The Biden administration has announced conditions for subsidies under the $53 billion act, designed to revitalise the American chip industry, secure supply chains and keep China's technology advances in check.

Washington reaffirmed that it will not tolerate any recipient of the federal money expanding their semiconductor business in China and potentially helping one of the largest chip markets get easier access to advanced chip technology, reports Yonhap news agency.

"First and foremost, the Chips and Science Act is about national security ... Manufacturing more chips here at home will help secure our national security future for decades to come," Commerce Secretary Gina Raimondo wrote on Twitter.

The act requires "successful applicants to enter into an agreement not to engage in any significant transaction involving the material expansion of semiconductor manufacturing capacity in any foreign country of concern for the 10-year period beginning on the date of the award."

When violated, applicants will have to return the full amount of an award, the department said, adding it expected to publish detailed guidance on national security guardrails soon.

Samsung Electronics and SK hynix, the world's two largest memory chip makers, have significant semiconductor manufacturing operations in China, with Samsung producing some 40 percent of its NAND flash and SK hynix manufacturing about half of its global DRAM chips in China.

In the US, Samsung is building a $17 billion chip facility in Taylor, Texas, and SK hynix has said it planned to select a site for a semiconductor packaging plant there in the first half.

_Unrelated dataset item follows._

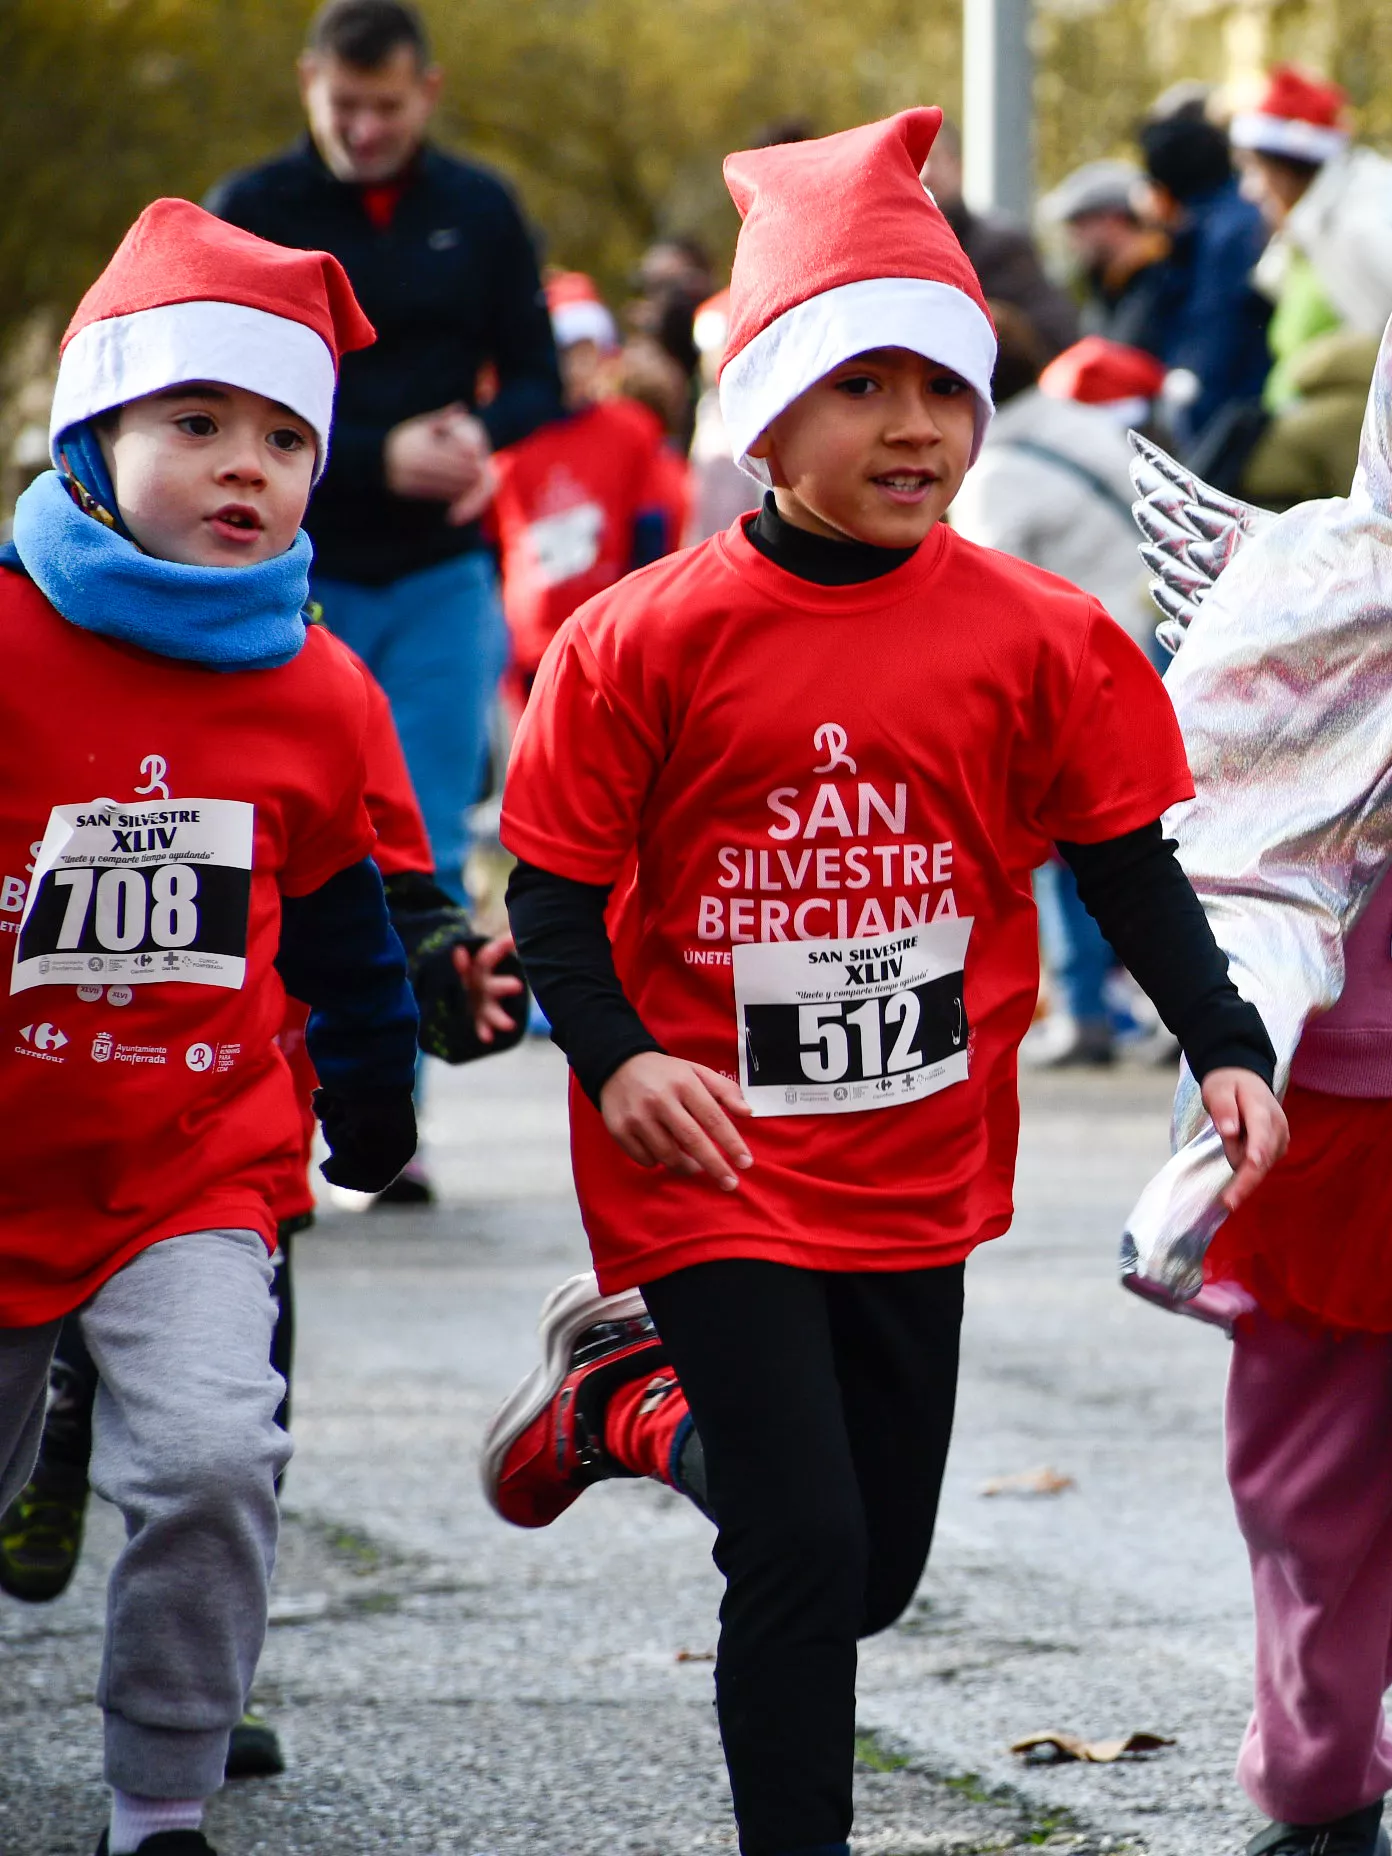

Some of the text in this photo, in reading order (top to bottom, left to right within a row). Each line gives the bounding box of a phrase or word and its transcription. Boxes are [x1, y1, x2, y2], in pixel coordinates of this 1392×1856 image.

Being squeezed between the intensifying US-China tech rivalry is nothing new for the two chipmakers.

Last October, Washington announced a set of measures that restrict exports of advanced semiconductor manufacturing equipment to companies in China.

The sweeping export curbs, among other things, demand companies receive a license for equipment exports to Chinese firms that make advanced chips, such as DRAM chips that are 18 nanometers and below, NAND flash chips with 128 layers or more, and logic chips 14 nm and below.

The two firms have received a one-year waiver from the U.S. government through close consultation and discussion with Washington.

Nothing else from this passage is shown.